# Directions:
An exact repetition of the data below, without images, is the expected answer.

Extracted records:
%%
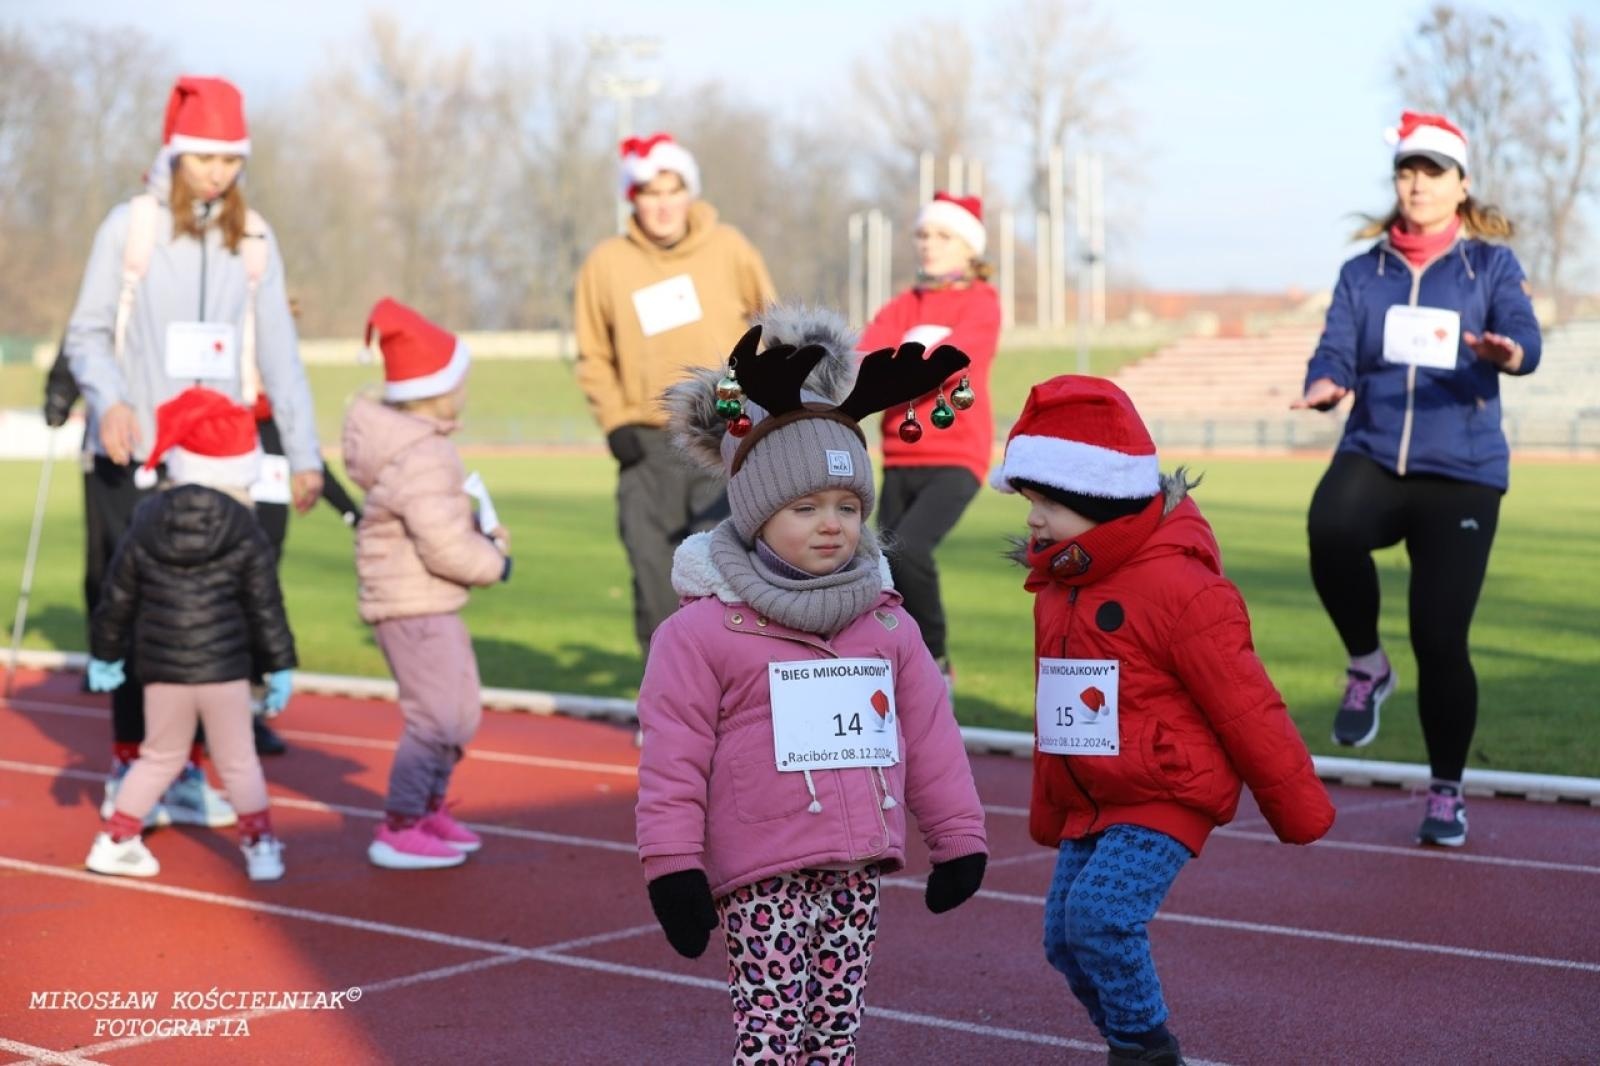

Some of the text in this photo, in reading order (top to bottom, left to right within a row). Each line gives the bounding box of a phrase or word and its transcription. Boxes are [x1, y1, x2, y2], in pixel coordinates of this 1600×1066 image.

[781, 665, 886, 681] BIEG MIKOŁAJKOWY
[832, 712, 863, 737] 14
[1056, 706, 1074, 727] 15
[788, 749, 839, 763] Racibórz
%%
# Task result:
Some of the text in this photo, in reading order (top to bottom, left to right within a row). Each line gives the bounding box of a phrase or word and its transcription. Boxes are [x1, y1, x2, y2], in pixel coordinates of this 1600×1066 image.

[781, 665, 886, 681] BIEG MIKOŁAJKOWY
[832, 712, 863, 737] 14
[1056, 706, 1074, 727] 15
[788, 749, 839, 763] Racibórz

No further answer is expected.